I sat in the fifties diner style booth right across from Hannah whose fingers looked like they might fall off they were texting so fast. I grabbed one of my five books and started reading when the unexpected happened.
“Aren’t you totally not excited for this? I mean come on, I don’t really want to go watch stars fall from the sky,” Hannah complained. I didn’t know what to say, should I just agree, or should I correct her that we are actually going to see meteors and they won’t fall from the sky.

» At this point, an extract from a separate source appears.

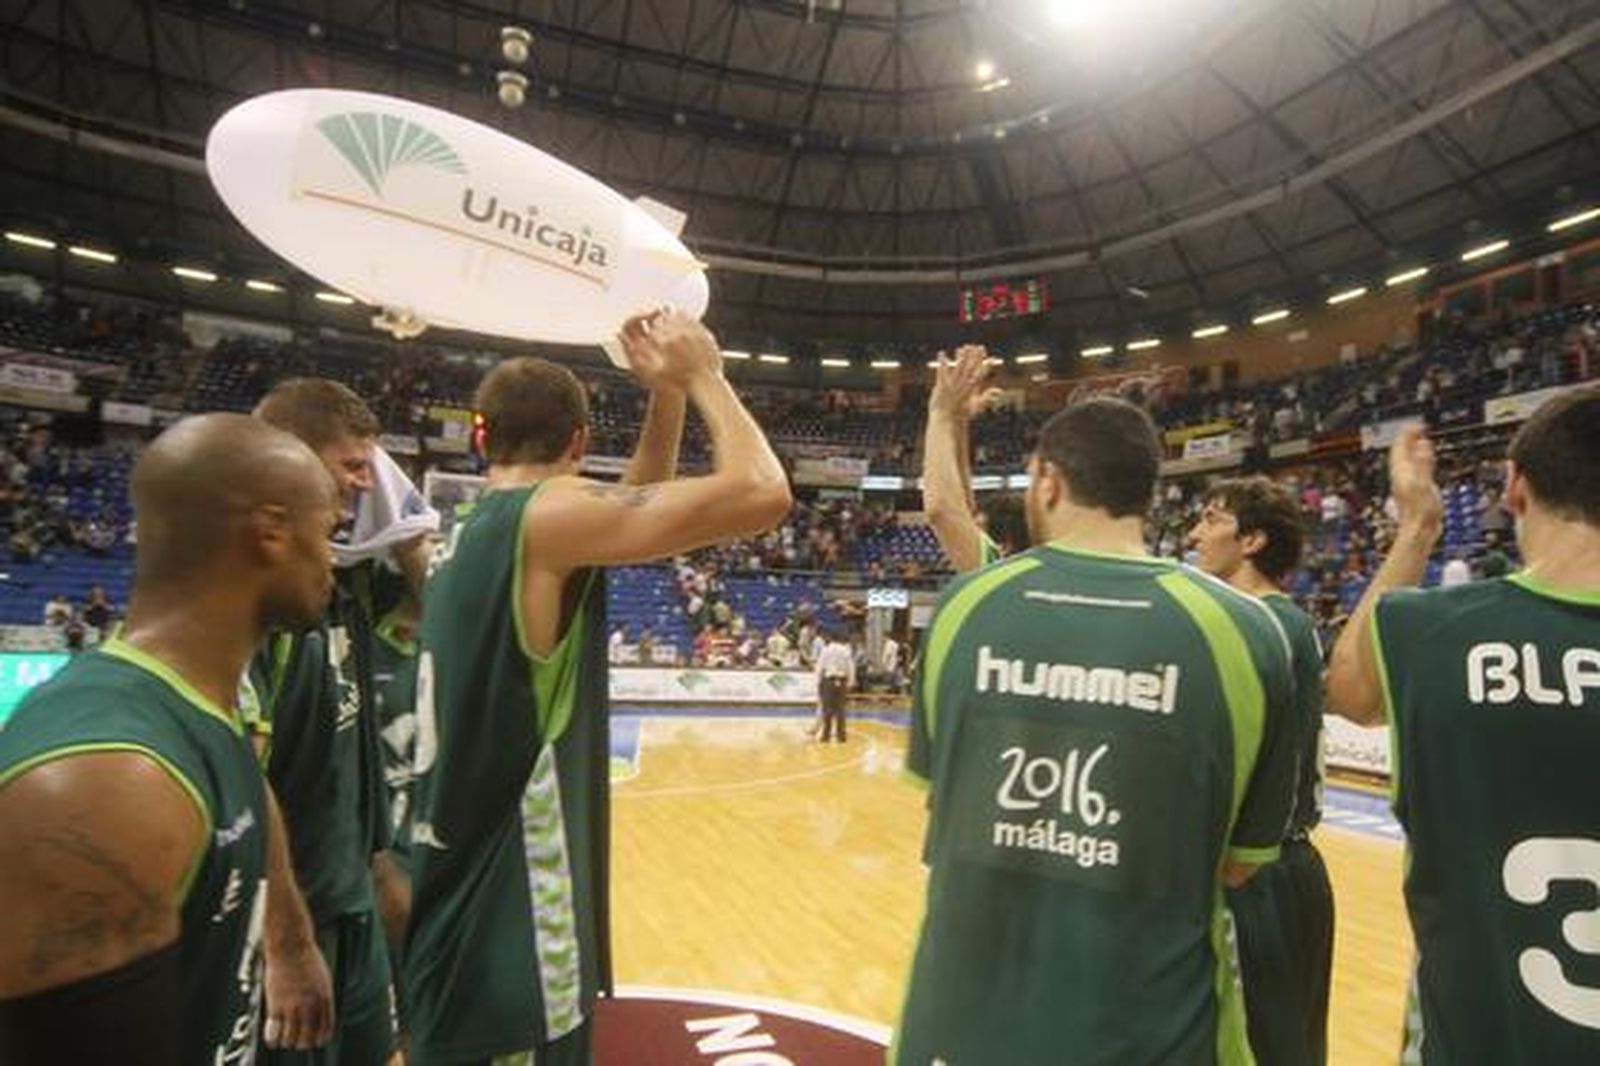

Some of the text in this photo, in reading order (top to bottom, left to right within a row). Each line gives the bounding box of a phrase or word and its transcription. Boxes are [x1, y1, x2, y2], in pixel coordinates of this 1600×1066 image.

“Oh yeah,” I said. Ah! That was such a stupid thing to say, I hope she likes it. Oh dear, oh dear, oh dear. . . “Well at least we have each other,” I added. Snap! That just made me look like a total loser. Hannah looked me up and down and then sort of smiled at me like she felt sorry for me, and then continued to text.
“So do you have a phone?” Hannah asked, eyes glued on the screen like she was mesmerized.
“Nope,” I said.
“That’s sad.”
“Yeah, but I have a bunch of other stuff.”

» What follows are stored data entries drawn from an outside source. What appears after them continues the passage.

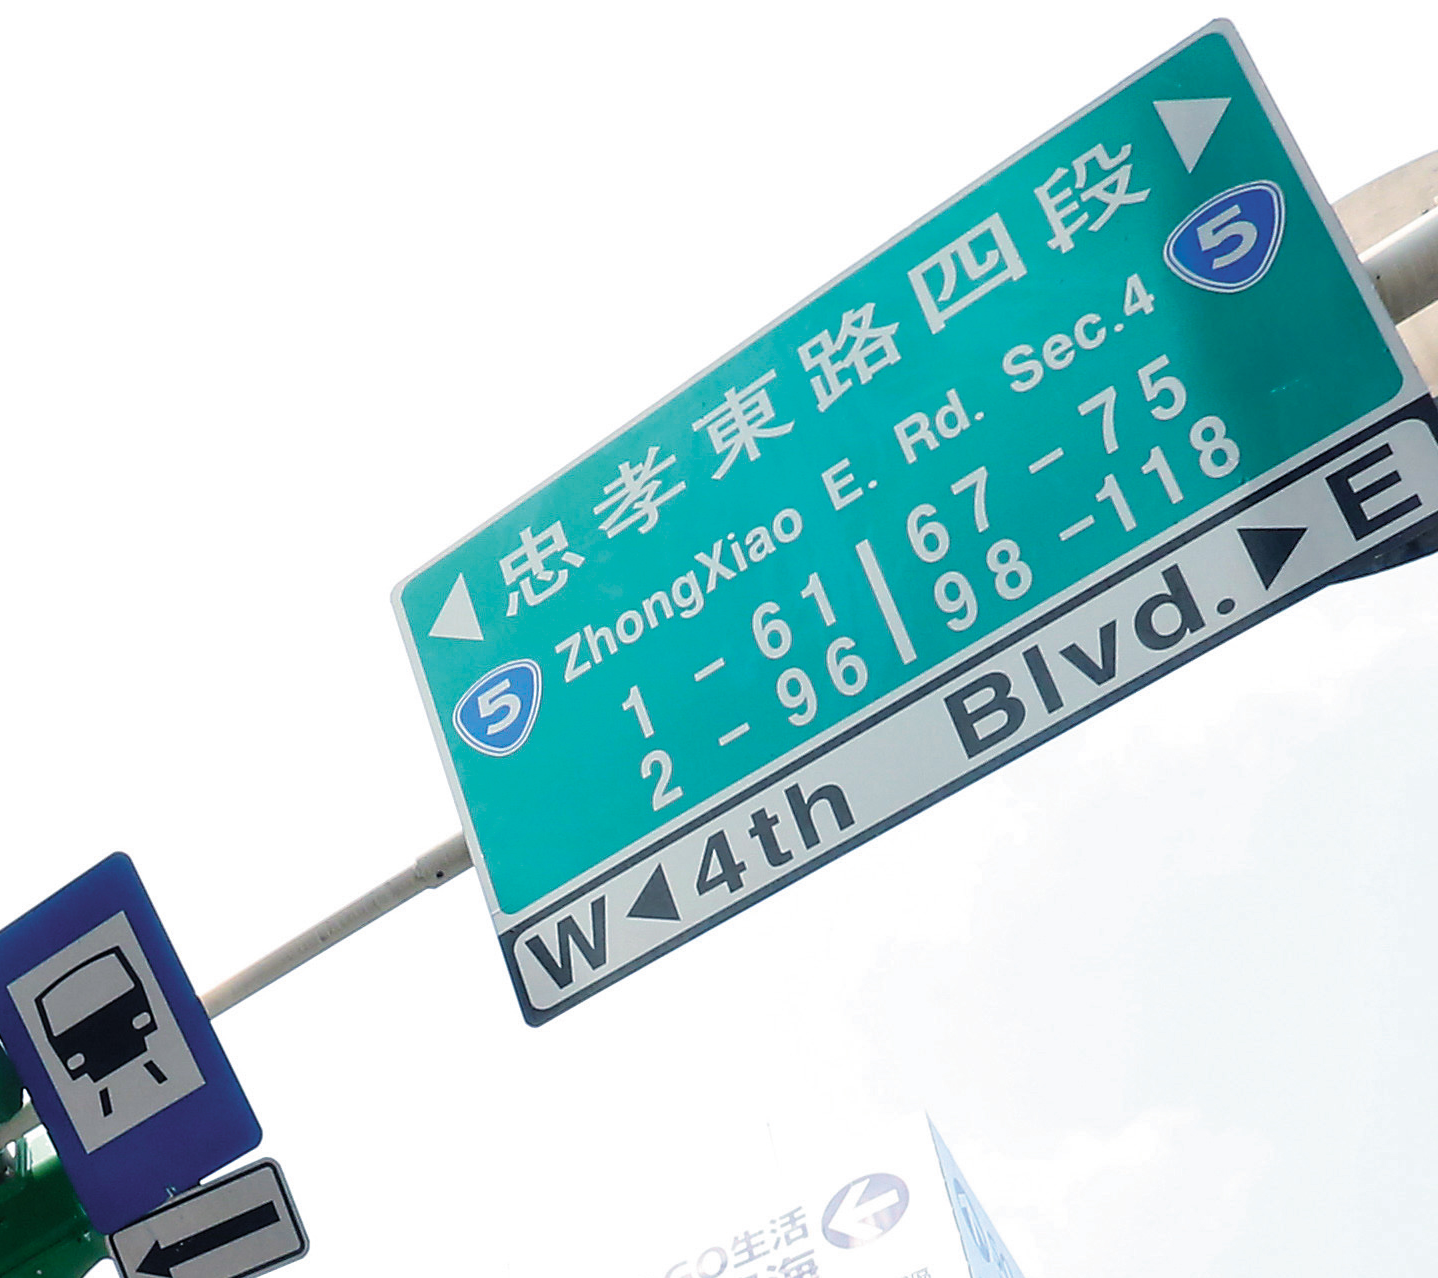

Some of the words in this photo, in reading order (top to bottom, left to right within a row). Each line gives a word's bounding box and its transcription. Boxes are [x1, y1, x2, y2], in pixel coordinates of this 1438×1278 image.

[1199, 197, 1260, 273] 5
[496, 140, 1152, 622] 忠孝東路四段
[552, 500, 808, 690] ZhongXiao
[820, 461, 878, 513] E.
[893, 401, 986, 467] Rd.
[474, 675, 530, 738] 5
[521, 895, 612, 992] W
[694, 781, 857, 896] 4th
[940, 565, 1239, 764] Blvd.
[1335, 454, 1424, 538] E

“Yup,” I said. Wow, where is the conversation. The wonderful part where we connect and become best friends.
“So is your brother as annoying as mine?” she said eyes glued at our brothers playing games on the DSi.

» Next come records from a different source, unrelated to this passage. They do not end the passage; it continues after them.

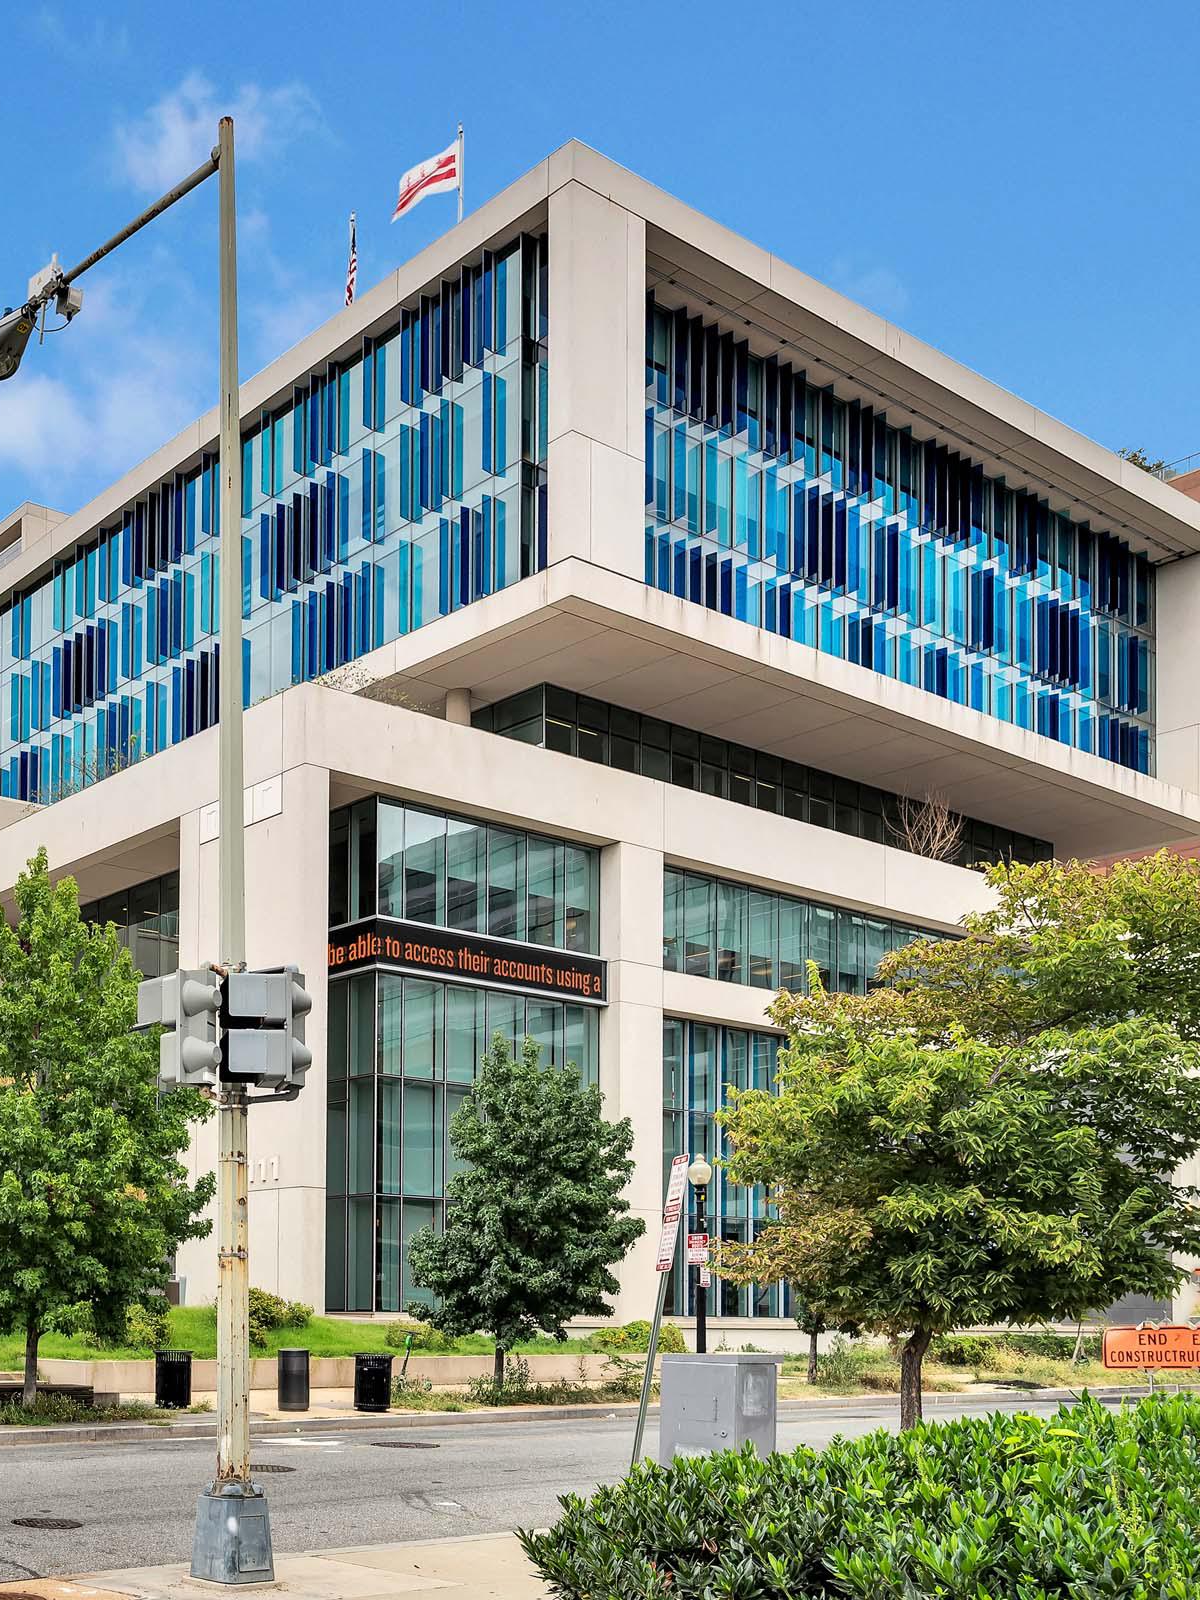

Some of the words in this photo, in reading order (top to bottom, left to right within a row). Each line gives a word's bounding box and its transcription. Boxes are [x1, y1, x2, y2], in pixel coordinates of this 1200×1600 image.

[328, 943, 344, 966] be
[349, 932, 381, 961] able
[385, 936, 400, 957] to
[405, 943, 454, 967] access
[458, 947, 490, 973] their
[494, 959, 553, 984] accounts
[557, 967, 591, 995] using
[594, 976, 601, 992] a
[1138, 1333, 1168, 1346] END

“Probably not, you can’t get much more annoying than John,” I said, trying to sound like one of the HPC girls.
“LOL that is just the way I think of Joey! You know, we might actually be able to be friends on this trip. . .” My heart stopped, I swear I might’ve died for a second. I couldn’t move a muscle all I could think was I can become an HPC! “Oh and can you grab me some water? Thanks.”
“Oh yeah sure,” I responded. Hannah picked up a phone call and I could’ve sworn her say, “Oh yeah, she will just do whatever I want this whole trip and then I can get rid of her when we get back! She will never be a HPC, don’t worry.”
As I walked past my “oohh and ahhh”ing brother I wondered if it was really true. As I filled the glass with water I saw Hannah go over to Joey, push John out of his spot and take his spot. As I walked to Hannah, something inside me snapped. I couldn’t let her treat him like that….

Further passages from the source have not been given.